**Try it**
Give the lines below again, exactly as they stand, and leave out the images.

(Image-backed grounding data)

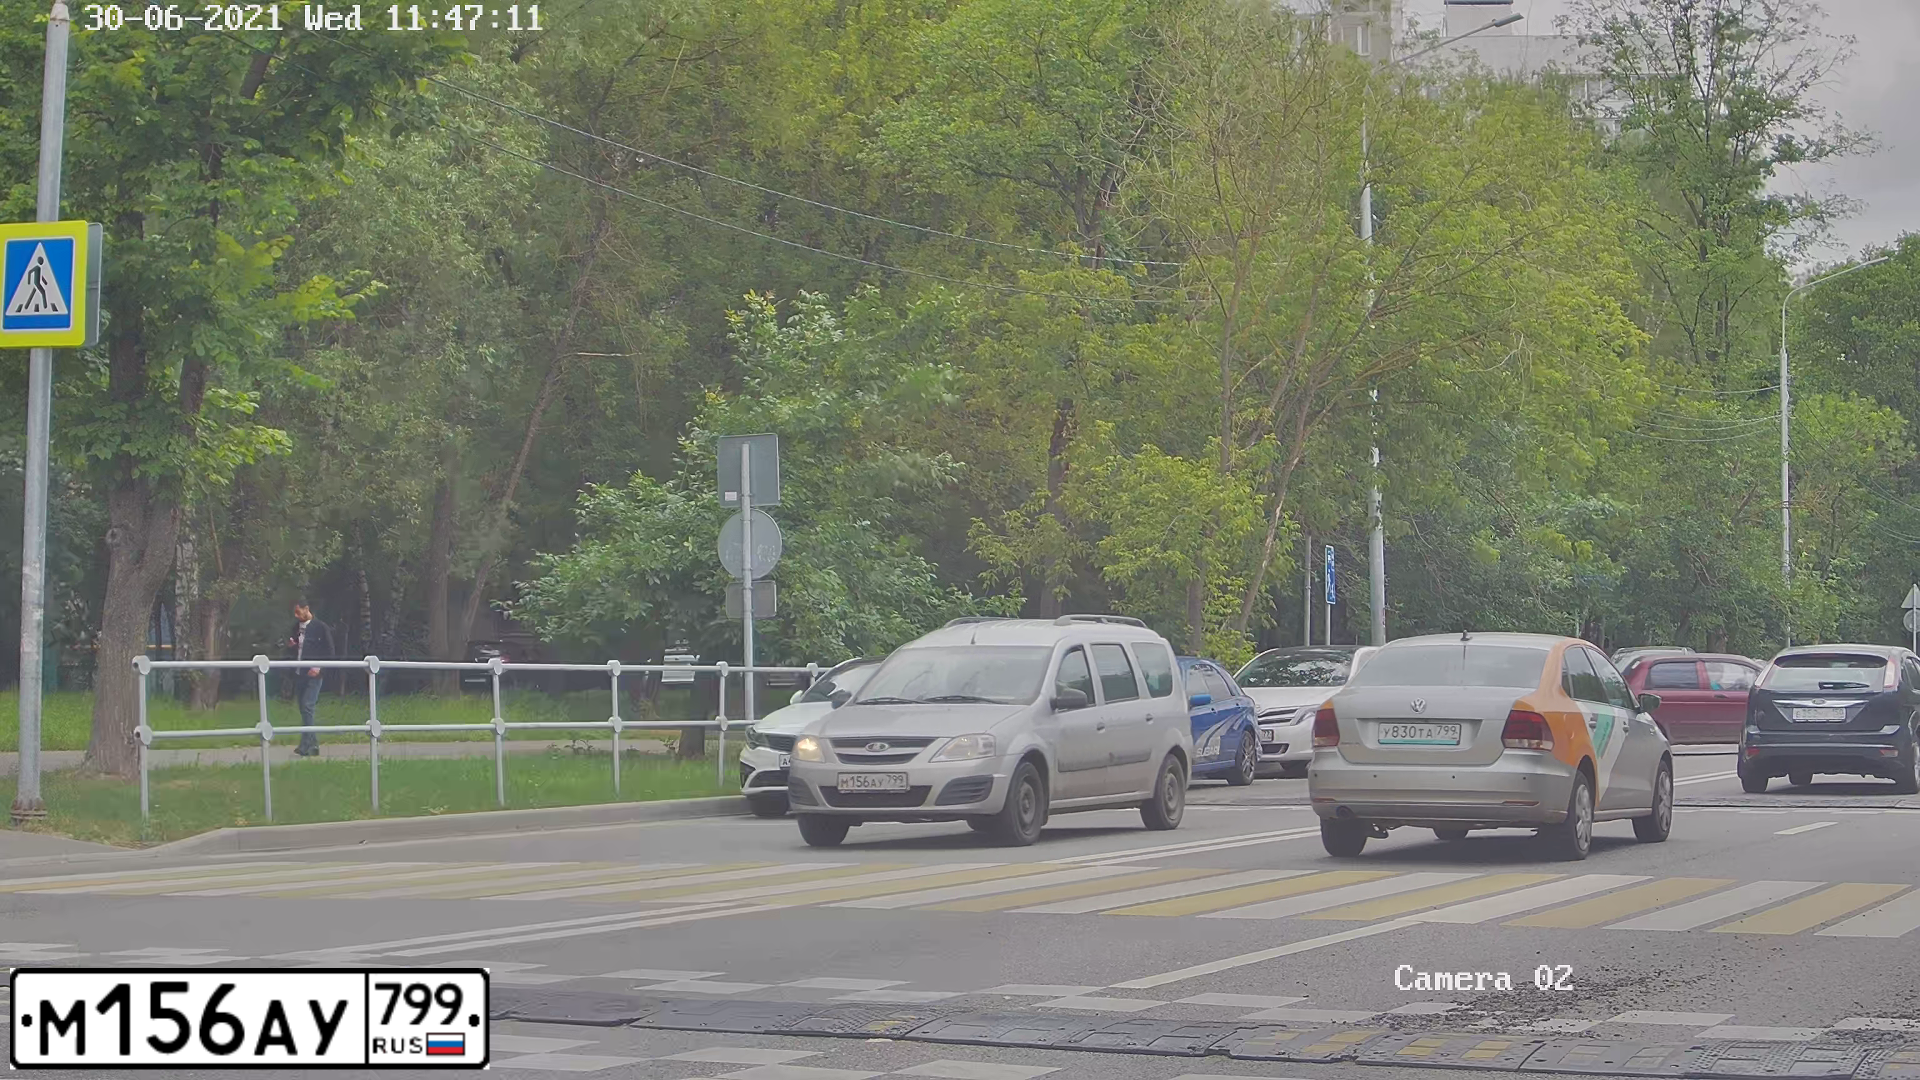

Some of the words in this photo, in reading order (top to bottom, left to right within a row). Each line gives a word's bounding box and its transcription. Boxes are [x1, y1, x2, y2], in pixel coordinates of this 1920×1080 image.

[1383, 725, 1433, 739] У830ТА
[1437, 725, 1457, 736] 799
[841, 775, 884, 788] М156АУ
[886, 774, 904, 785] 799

**Solution to the exercise**
Some of the words in this photo, in reading order (top to bottom, left to right within a row). Each line gives a word's bounding box and its transcription. Boxes are [x1, y1, x2, y2], in pixel coordinates of this 1920×1080 image.

[1383, 725, 1433, 739] У830ТА
[1437, 725, 1457, 736] 799
[841, 775, 884, 788] М156АУ
[886, 774, 904, 785] 799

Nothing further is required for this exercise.